* [What the exercise asks]
In the records below, the lines from the one with "this 1920×1440 image." through the last are to be printed exactly, and nothing else.

* [Provided records]
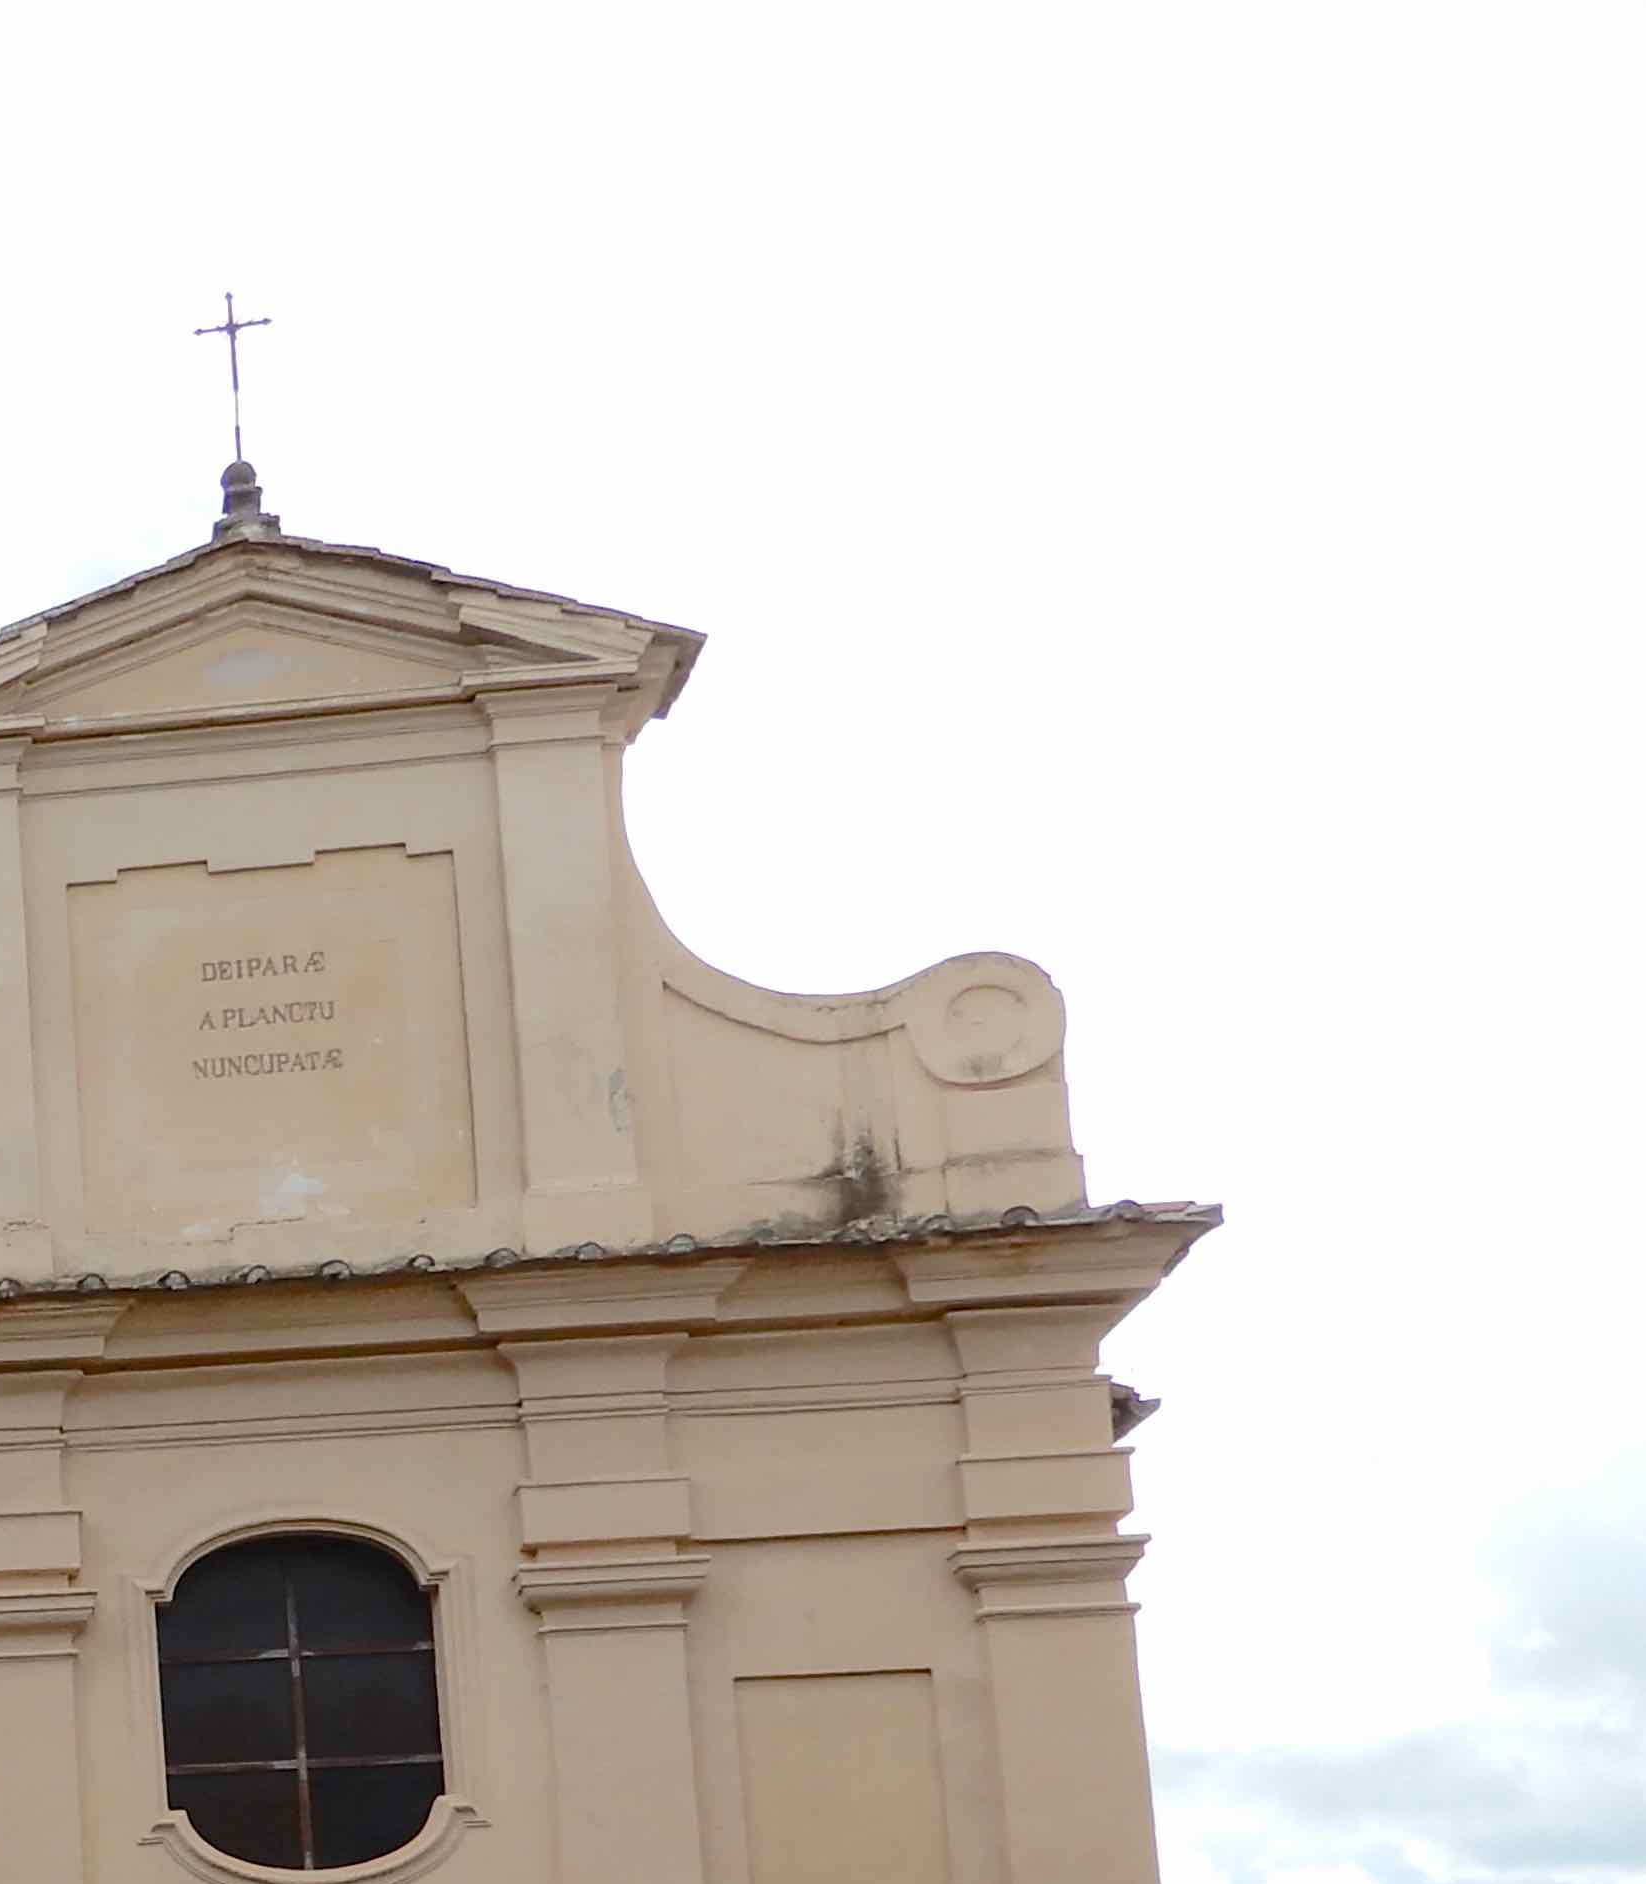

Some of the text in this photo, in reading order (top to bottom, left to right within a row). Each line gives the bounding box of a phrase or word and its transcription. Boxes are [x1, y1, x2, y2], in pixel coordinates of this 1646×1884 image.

[201, 951, 325, 982] DEIPARÆ
[198, 1000, 335, 1031] A PLANCTU
[192, 1048, 343, 1080] NUNCUPATÆ
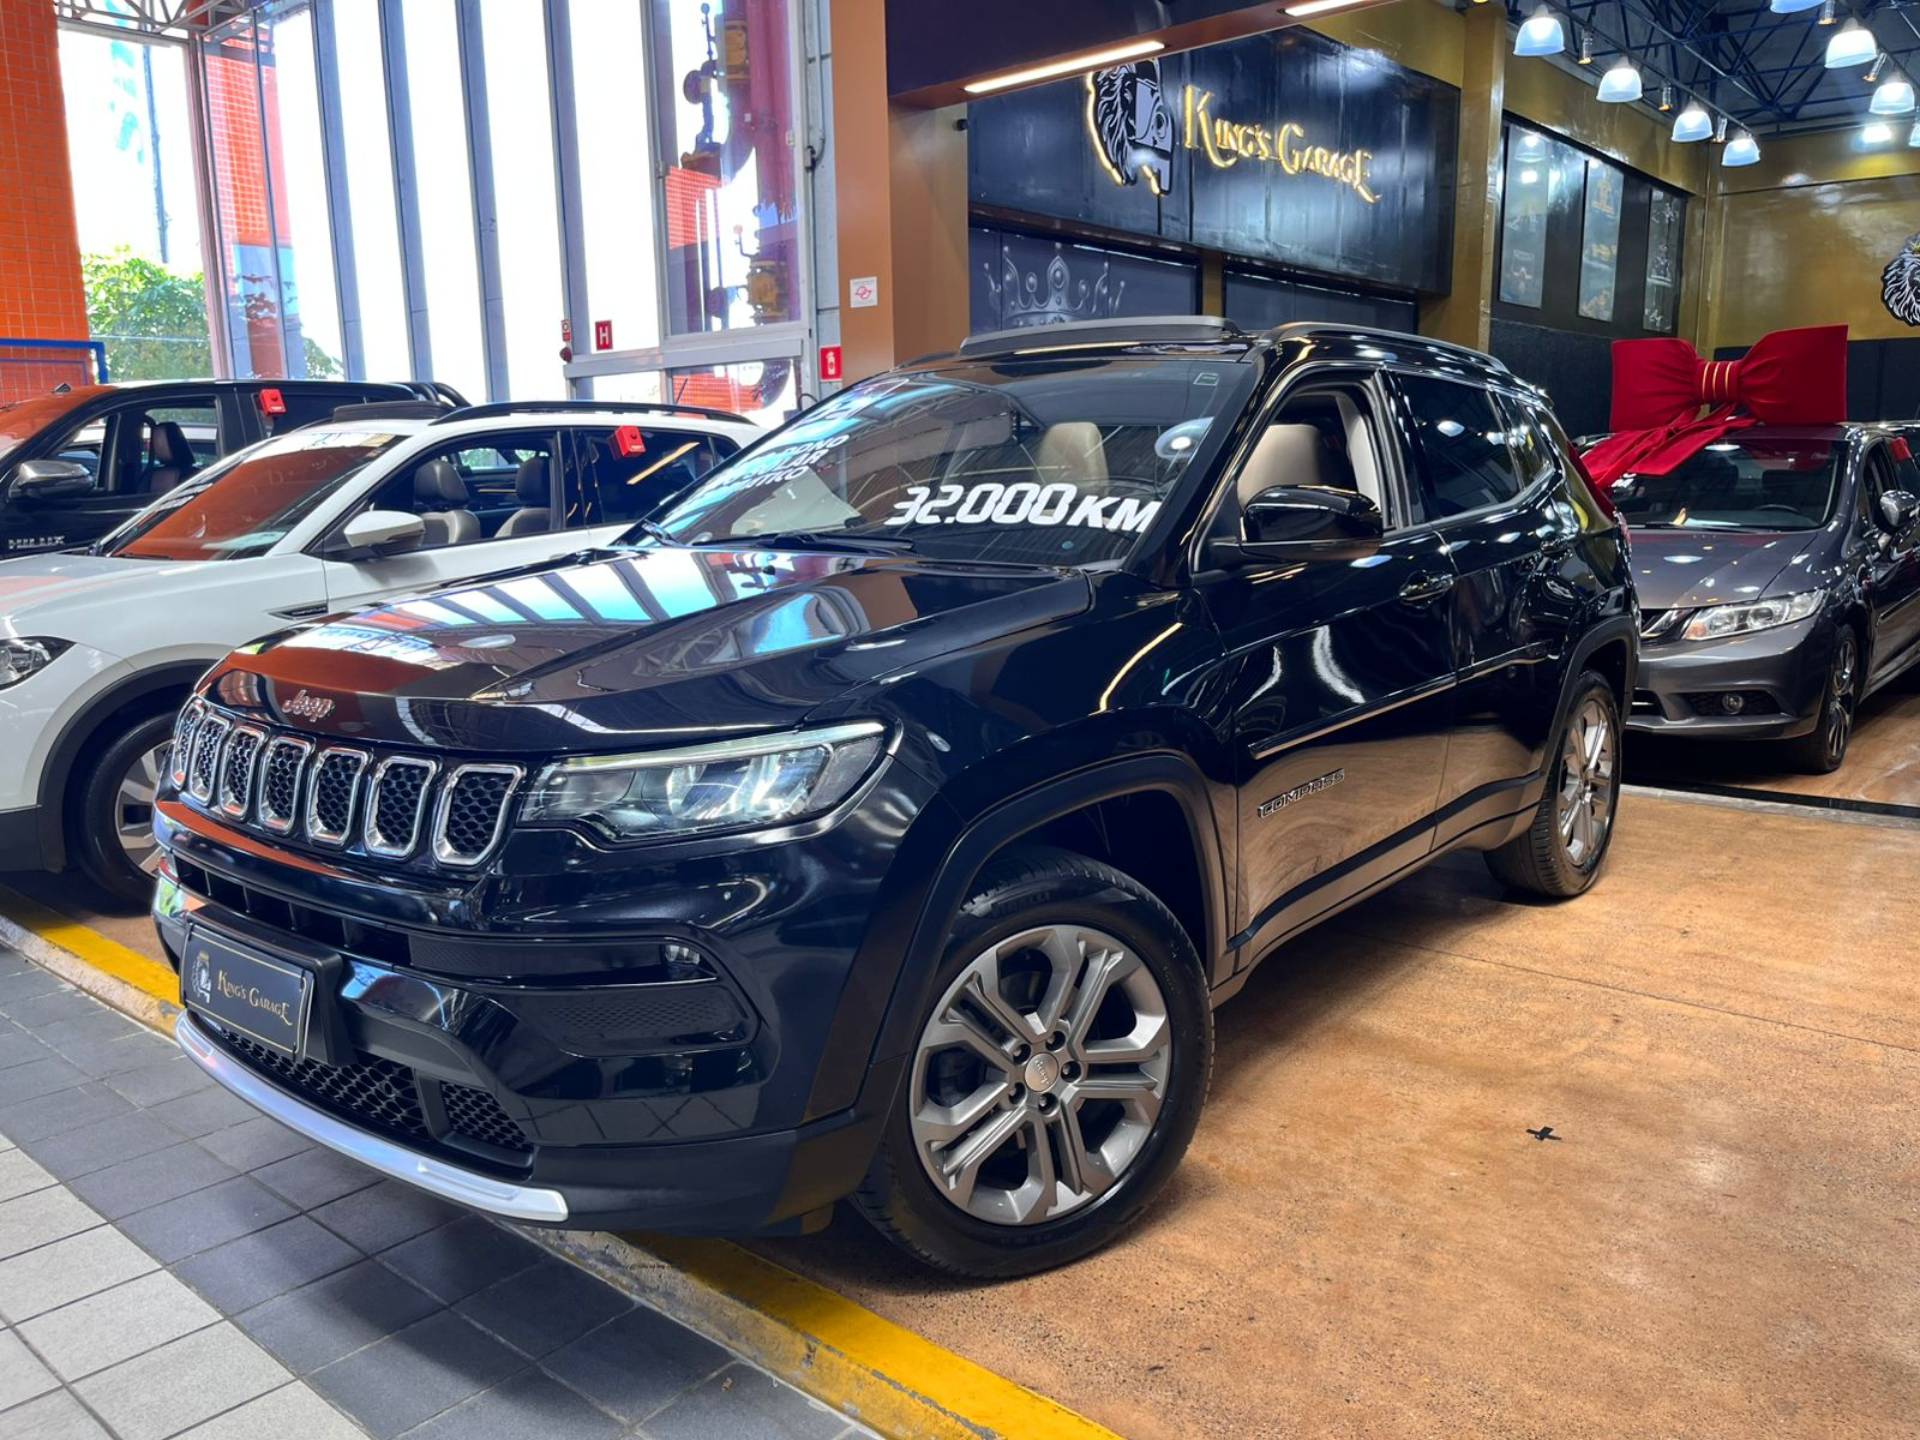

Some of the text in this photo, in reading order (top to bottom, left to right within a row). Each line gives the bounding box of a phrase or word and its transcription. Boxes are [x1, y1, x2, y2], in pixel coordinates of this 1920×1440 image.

[599, 325, 609, 345] H
[281, 689, 335, 723] Jeep
[1257, 768, 1345, 818] COMPASS

* [Written answer]
Some of the text in this photo, in reading order (top to bottom, left to right within a row). Each line gives the bounding box of a phrase or word and its transcription. Boxes are [x1, y1, x2, y2], in pixel coordinates of this 1920×1440 image.

[599, 325, 609, 345] H
[281, 689, 335, 723] Jeep
[1257, 768, 1345, 818] COMPASS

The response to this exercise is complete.